Trois refuges, trois ambiances, une même hospitalité montagnarde
Sur le chemin, trois refuges gardés, ouverts de juin à octobre, jalonnent la boucle et offrent chacun une atmosphère singulière.
• Le refuge du lac d’Allos, perché à 2 230 mètres d’altitude, domine les rives du plus grand lac naturel d’altitude d’Europe. Accessible uniquement à pied, il se mérite, mais offre un cadre à couper le souffle. Alimenté en partie par l’énergie solaire, il se distingue par son ambiance intimiste, et organise ponctuellement des soirées d’initiation à l’astronomie.

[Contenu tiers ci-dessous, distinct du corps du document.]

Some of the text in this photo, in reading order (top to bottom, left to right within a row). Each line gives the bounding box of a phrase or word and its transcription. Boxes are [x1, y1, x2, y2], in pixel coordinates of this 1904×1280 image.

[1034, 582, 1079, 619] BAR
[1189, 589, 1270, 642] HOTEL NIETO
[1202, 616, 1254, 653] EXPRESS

• Le refuge du col d’Allos, à 2 250 mètres, est un lieu de passage convivial, apprécié pour son accueil chaleureux et sa cuisine généreuse mettant à l’honneur les produits locaux. Facile d’accès, il constitue une étape idéale, que l’on soit randonneur au long cours ou simple promeneur à la journée.
• Le refuge de l’Estrop, situé à 2 050 mètres dans un secteur plus sauvage, au pied des Trois-Évêchés, offre un véritable retour à l’essentiel. Plus confidentiel, il séduit les amateurs de calme, d’authenticité et de grands espaces.

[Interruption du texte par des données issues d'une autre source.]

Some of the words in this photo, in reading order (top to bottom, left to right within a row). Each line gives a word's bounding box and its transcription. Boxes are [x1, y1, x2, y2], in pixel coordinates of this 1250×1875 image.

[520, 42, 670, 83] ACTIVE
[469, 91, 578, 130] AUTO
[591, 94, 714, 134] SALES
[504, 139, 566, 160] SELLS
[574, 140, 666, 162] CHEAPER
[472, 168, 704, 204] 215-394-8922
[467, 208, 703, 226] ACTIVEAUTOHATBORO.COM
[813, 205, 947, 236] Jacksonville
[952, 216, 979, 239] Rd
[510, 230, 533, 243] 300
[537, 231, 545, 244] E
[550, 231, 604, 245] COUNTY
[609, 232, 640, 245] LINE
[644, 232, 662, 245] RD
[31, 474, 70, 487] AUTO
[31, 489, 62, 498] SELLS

Tous trois proposent des dortoirs pour les randonneurs, un service de restauration montagnarde et une véritable hospitalité. Mais surtout, ils incarnent une autre manière de vivre la montagne : lente, respectueuse, humaine.
Marcher accompagnés : une autre lecture du territoire
Si l’itinérance au Val d’Allos peut se vivre en autonomie, elle prend une dimension nouvelle lorsqu’elle est partagée avec un accompagnateur en montagne. Véritables passeurs de territoire, ces professionnels guident bien au-delà des sentiers. Ils racontent les paysages, décryptent la géologie, signalent la faune, transmettent les bons gestes… et invitent à poser un autre regard sur la montagne.

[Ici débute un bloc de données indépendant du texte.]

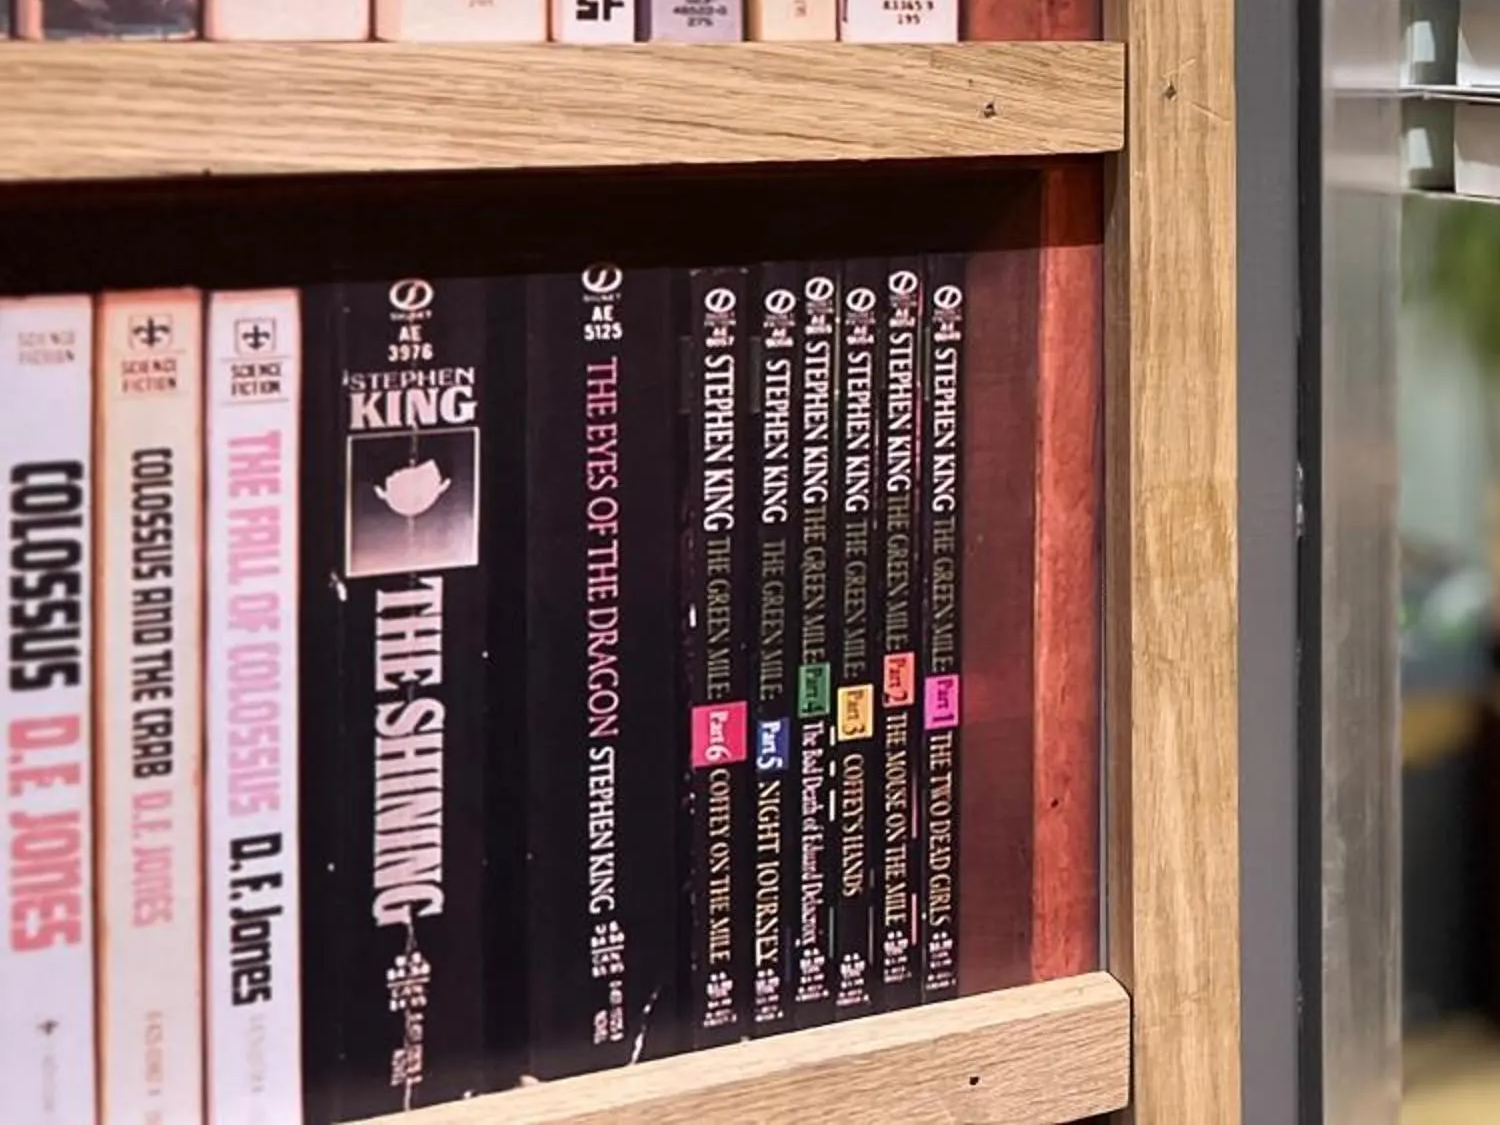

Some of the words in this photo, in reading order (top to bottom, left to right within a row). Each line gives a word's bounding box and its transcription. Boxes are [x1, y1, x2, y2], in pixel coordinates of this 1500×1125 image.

[398, 325, 422, 342] AE
[583, 321, 623, 342] 5125
[592, 304, 614, 322] AE
[349, 366, 476, 391] STEPHEN
[388, 343, 434, 363] 3976
[888, 331, 913, 430] STEPHEN
[349, 386, 478, 430] KING
[586, 355, 618, 419] THE
[703, 354, 735, 463] STEPHEN
[763, 359, 791, 460] STEPHEN
[804, 341, 830, 441] STEPHEN
[846, 351, 872, 450] STEPHEN
[932, 347, 957, 450] STEPHEN
[227, 430, 282, 499] THE
[586, 422, 617, 492] EYES
[803, 445, 829, 504] KING
[845, 454, 869, 513] KING
[887, 434, 912, 493] KING
[932, 454, 956, 513] KING
[131, 447, 173, 581] COLOSSUS
[586, 496, 619, 536] OF
[703, 467, 735, 532] KING
[761, 465, 789, 524] KING
[887, 492, 910, 532] THE
[227, 504, 281, 585] FALL
[803, 505, 826, 544] THE
[845, 519, 868, 557] THE
[933, 515, 955, 555] THE
[9, 459, 84, 692] COLOSSUS
[587, 538, 619, 603] THE
[706, 535, 731, 575] THE
[762, 538, 786, 577] THE
[802, 546, 826, 611] GREEN
[886, 534, 910, 597] GREEN
[131, 585, 173, 646] AND
[227, 592, 281, 633] OF
[706, 578, 731, 643] GREEN
[761, 580, 785, 645] GREEN
[844, 560, 867, 624] GREEN
[932, 557, 955, 622] GREEN
[375, 576, 443, 692] THE
[131, 648, 173, 703] THE
[587, 606, 620, 739] DRAGON
[884, 689, 908, 705] 2
[888, 657, 907, 689] Part
[936, 678, 954, 711] Part
[227, 641, 281, 819] COLOSSUS
[708, 710, 728, 744] Part
[801, 720, 824, 746] The
[842, 722, 865, 736] 3
[845, 689, 864, 721] Part
[885, 711, 908, 749] THE
[931, 713, 955, 724] 1
[131, 706, 173, 779] CRAB
[704, 743, 732, 762] 6
[756, 754, 783, 771] 5
[760, 719, 782, 754] Part
[929, 730, 953, 771] THE
[588, 745, 615, 851] STEPHEN
[708, 768, 731, 838] COFFEY
[885, 750, 907, 812] MOUSE
[929, 771, 952, 818] TWO
[372, 697, 446, 928] SHINING
[757, 779, 781, 854] NIGHT
[885, 812, 907, 842] ON
[708, 841, 731, 874] ON
[842, 834, 864, 897] HANDS
[885, 843, 907, 882] THE
[928, 818, 951, 873] DEAD
[8, 810, 82, 953] JONES
[131, 845, 174, 928] JONES
[588, 851, 615, 915] KING
[708, 875, 731, 915] THE
[884, 882, 906, 927] MILE
[928, 873, 951, 928] GIRLS
[228, 904, 284, 1007] Jones
[708, 916, 731, 965] MILE

Parmi eux, Christiane Ray Anezin, ancienne championne de ski alpin devenue accompagnatrice en montagne, propose des sorties engagées et sensibles dans les vallées du Verdon et du Mercantour. Née ici, elle connaît chaque recoin du territoire, chaque histoire ancrée dans les pierres ou les alpages. Lors de ses randonnées, elle partage ses connaissances du vivant, des écosystèmes et de la formation du relief, dans une approche à la fois pédagogique et passionnée.
Présidente de l’association Mercantour Écotourisme, Christiane œuvre aussi à fédérer les professionnels du tourisme engagés dans une démarche durable. Avec elle – comme avec d’autres accompagnateurs du territoire – l’itinérance devient un voyage à hauteur d’homme, nourri de rencontres et de transmission.
Quand la nuit sublime l’itinérance
Au Val d’Allos, la randonnée ne s’arrête pas au dernier pas du jour. Dès que le soleil décline derrière les crêtes, un autre spectacle commence, plus silencieux, plus intime : celui du ciel. Classé Réserve Internationale de Ciel Étoilé (RICE), le territoire bénéficie d’un environnement nocturne préservé, exempt de pollution lumineuse, offrant l’un des ciels les plus purs d’Europe.
Dans ce cadre privilégié, les nuits passées en refuge prennent une toute autre dimension. Au col d’Allos, l’horizon dégagé et l’altitude élevée offrent des conditions idéales pour observer la voie lactée à l’œil nu. Du côté du refuge du lac d’Allos, des soirées dédiées à la découverte des constellations sont ponctuellement organisées en été, animées par des accompagnateurs formés à l’astronomie.
Allongé sur une terrasse de refuge ou simplement appuyé contre une rambarde en bois, il suffit de lever les yeux pour que l’expérience prenne une autre profondeur. Le temps suspend son cours. Marcher le jour, rêver la nuit : c’est aussi cela, l’itinérance au Val d’Allos.